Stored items
+-------+
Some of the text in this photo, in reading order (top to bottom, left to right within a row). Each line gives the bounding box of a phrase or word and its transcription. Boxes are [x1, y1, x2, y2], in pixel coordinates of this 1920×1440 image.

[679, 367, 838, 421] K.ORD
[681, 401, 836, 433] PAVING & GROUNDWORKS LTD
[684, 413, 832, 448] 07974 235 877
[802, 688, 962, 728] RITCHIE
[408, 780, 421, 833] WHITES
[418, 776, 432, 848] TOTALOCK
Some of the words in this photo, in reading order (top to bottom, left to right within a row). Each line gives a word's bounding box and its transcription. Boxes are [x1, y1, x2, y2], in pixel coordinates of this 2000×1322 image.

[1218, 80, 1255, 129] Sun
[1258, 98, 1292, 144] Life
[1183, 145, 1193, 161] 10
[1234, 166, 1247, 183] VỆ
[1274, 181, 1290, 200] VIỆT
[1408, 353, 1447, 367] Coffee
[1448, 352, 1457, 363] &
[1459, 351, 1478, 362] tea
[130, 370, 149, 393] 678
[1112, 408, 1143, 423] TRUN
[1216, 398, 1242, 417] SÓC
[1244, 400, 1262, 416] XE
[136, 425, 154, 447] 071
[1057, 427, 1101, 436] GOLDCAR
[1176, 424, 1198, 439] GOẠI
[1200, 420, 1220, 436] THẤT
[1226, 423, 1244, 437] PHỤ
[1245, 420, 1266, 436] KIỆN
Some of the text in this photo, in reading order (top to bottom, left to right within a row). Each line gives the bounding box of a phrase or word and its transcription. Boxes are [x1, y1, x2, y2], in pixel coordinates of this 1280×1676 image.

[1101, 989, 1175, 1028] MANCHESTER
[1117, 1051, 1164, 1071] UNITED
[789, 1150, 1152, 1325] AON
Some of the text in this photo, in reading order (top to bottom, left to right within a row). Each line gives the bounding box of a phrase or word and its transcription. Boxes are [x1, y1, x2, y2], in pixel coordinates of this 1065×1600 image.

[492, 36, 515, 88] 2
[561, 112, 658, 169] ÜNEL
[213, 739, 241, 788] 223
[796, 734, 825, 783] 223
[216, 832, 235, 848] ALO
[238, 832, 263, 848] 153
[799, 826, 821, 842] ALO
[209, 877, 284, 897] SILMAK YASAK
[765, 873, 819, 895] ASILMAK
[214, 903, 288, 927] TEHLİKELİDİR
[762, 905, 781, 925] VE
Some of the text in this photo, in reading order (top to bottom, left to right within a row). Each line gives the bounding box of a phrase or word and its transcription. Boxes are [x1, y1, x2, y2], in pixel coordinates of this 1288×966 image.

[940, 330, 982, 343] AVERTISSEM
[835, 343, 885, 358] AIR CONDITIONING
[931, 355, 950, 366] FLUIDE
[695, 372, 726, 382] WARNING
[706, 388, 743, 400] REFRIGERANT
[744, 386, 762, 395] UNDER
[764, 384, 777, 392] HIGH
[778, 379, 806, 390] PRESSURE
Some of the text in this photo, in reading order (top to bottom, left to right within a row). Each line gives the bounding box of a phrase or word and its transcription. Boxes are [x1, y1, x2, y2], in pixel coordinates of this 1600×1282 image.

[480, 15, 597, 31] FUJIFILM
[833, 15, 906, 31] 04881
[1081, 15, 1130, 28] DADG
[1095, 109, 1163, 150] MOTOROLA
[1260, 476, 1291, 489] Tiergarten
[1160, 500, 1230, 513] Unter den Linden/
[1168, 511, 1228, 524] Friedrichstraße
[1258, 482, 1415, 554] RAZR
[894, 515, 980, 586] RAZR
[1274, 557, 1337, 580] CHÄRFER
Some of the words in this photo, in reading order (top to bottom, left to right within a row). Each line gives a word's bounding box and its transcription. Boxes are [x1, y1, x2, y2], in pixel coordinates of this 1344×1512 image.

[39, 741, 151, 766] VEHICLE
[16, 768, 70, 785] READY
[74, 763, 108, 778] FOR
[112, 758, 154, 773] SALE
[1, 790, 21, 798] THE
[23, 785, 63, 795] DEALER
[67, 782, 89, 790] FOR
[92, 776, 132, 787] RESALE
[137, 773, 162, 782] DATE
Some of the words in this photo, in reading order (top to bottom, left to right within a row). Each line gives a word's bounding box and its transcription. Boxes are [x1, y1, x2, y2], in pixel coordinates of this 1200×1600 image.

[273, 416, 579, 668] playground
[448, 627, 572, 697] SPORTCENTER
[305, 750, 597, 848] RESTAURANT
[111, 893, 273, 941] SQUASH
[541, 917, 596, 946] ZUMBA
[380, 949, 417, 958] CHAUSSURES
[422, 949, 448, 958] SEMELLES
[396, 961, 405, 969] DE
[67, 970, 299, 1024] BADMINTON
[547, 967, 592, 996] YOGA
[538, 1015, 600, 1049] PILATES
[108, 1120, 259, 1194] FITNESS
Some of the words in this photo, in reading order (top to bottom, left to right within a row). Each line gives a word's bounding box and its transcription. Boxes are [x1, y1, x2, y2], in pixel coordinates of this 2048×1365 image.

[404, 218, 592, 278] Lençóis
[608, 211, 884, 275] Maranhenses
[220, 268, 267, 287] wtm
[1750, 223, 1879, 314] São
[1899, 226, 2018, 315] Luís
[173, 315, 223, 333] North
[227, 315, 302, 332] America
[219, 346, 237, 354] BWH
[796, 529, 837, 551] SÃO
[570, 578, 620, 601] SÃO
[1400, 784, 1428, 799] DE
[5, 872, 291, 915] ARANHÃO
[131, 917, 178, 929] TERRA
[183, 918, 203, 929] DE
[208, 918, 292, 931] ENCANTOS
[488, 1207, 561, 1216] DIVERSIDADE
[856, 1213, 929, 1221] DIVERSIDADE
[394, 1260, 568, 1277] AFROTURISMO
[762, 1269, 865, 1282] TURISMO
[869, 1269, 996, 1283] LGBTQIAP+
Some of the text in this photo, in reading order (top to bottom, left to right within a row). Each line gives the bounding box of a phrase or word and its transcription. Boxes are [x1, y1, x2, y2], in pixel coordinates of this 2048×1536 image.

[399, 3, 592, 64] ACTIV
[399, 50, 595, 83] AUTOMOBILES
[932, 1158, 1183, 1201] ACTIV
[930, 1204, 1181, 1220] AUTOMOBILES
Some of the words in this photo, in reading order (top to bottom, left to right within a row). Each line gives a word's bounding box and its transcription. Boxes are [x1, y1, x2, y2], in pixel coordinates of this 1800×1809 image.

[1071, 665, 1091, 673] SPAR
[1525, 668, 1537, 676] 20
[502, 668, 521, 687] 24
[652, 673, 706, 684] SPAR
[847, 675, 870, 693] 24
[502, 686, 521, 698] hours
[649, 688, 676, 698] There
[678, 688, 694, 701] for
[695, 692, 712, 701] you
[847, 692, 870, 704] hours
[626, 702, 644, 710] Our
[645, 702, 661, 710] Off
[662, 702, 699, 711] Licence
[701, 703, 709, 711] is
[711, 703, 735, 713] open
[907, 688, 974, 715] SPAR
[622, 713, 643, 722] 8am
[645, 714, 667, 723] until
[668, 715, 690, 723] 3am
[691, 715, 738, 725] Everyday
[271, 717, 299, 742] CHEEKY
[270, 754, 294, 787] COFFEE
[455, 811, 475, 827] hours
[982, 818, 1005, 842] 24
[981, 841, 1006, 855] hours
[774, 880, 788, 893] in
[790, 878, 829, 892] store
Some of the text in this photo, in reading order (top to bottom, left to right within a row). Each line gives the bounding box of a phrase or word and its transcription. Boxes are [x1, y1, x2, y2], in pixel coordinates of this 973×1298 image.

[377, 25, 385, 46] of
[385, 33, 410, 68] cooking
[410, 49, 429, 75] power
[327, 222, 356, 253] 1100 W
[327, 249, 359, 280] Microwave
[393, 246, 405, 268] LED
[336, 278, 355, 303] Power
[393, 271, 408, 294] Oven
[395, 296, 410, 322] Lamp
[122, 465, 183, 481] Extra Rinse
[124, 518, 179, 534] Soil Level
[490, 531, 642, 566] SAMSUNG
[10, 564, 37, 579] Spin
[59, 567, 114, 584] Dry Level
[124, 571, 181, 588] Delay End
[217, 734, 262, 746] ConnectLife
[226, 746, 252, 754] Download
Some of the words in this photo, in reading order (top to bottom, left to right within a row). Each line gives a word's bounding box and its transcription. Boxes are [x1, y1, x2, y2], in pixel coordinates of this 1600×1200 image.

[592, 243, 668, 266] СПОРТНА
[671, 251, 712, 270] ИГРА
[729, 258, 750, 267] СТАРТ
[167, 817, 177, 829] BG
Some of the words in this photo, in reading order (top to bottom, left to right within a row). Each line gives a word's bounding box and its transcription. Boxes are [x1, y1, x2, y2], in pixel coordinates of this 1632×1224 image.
+-------+
→ **Exercise requirements**
The range begins at the line containing "this 1800×1809 image." and ends at the last line of the entries; reproduce it exactly.

→ **Completed exercise**
Some of the words in this photo, in reading order (top to bottom, left to right within a row). Each line gives a word's bounding box and its transcription. Boxes are [x1, y1, x2, y2], in pixel coordinates of this 1800×1809 image.

[1071, 665, 1091, 673] SPAR
[1525, 668, 1537, 676] 20
[502, 668, 521, 687] 24
[652, 673, 706, 684] SPAR
[847, 675, 870, 693] 24
[502, 686, 521, 698] hours
[649, 688, 676, 698] There
[678, 688, 694, 701] for
[695, 692, 712, 701] you
[847, 692, 870, 704] hours
[626, 702, 644, 710] Our
[645, 702, 661, 710] Off
[662, 702, 699, 711] Licence
[701, 703, 709, 711] is
[711, 703, 735, 713] open
[907, 688, 974, 715] SPAR
[622, 713, 643, 722] 8am
[645, 714, 667, 723] until
[668, 715, 690, 723] 3am
[691, 715, 738, 725] Everyday
[271, 717, 299, 742] CHEEKY
[270, 754, 294, 787] COFFEE
[455, 811, 475, 827] hours
[982, 818, 1005, 842] 24
[981, 841, 1006, 855] hours
[774, 880, 788, 893] in
[790, 878, 829, 892] store
Some of the text in this photo, in reading order (top to bottom, left to right within a row). Each line gives the bounding box of a phrase or word and its transcription. Boxes are [x1, y1, x2, y2], in pixel coordinates of this 973×1298 image.

[377, 25, 385, 46] of
[385, 33, 410, 68] cooking
[410, 49, 429, 75] power
[327, 222, 356, 253] 1100 W
[327, 249, 359, 280] Microwave
[393, 246, 405, 268] LED
[336, 278, 355, 303] Power
[393, 271, 408, 294] Oven
[395, 296, 410, 322] Lamp
[122, 465, 183, 481] Extra Rinse
[124, 518, 179, 534] Soil Level
[490, 531, 642, 566] SAMSUNG
[10, 564, 37, 579] Spin
[59, 567, 114, 584] Dry Level
[124, 571, 181, 588] Delay End
[217, 734, 262, 746] ConnectLife
[226, 746, 252, 754] Download
Some of the words in this photo, in reading order (top to bottom, left to right within a row). Each line gives a word's bounding box and its transcription. Boxes are [x1, y1, x2, y2], in pixel coordinates of this 1600×1200 image.

[592, 243, 668, 266] СПОРТНА
[671, 251, 712, 270] ИГРА
[729, 258, 750, 267] СТАРТ
[167, 817, 177, 829] BG
Some of the words in this photo, in reading order (top to bottom, left to right within a row). Each line gives a word's bounding box and its transcription. Boxes are [x1, y1, x2, y2], in pixel coordinates of this 1632×1224 image.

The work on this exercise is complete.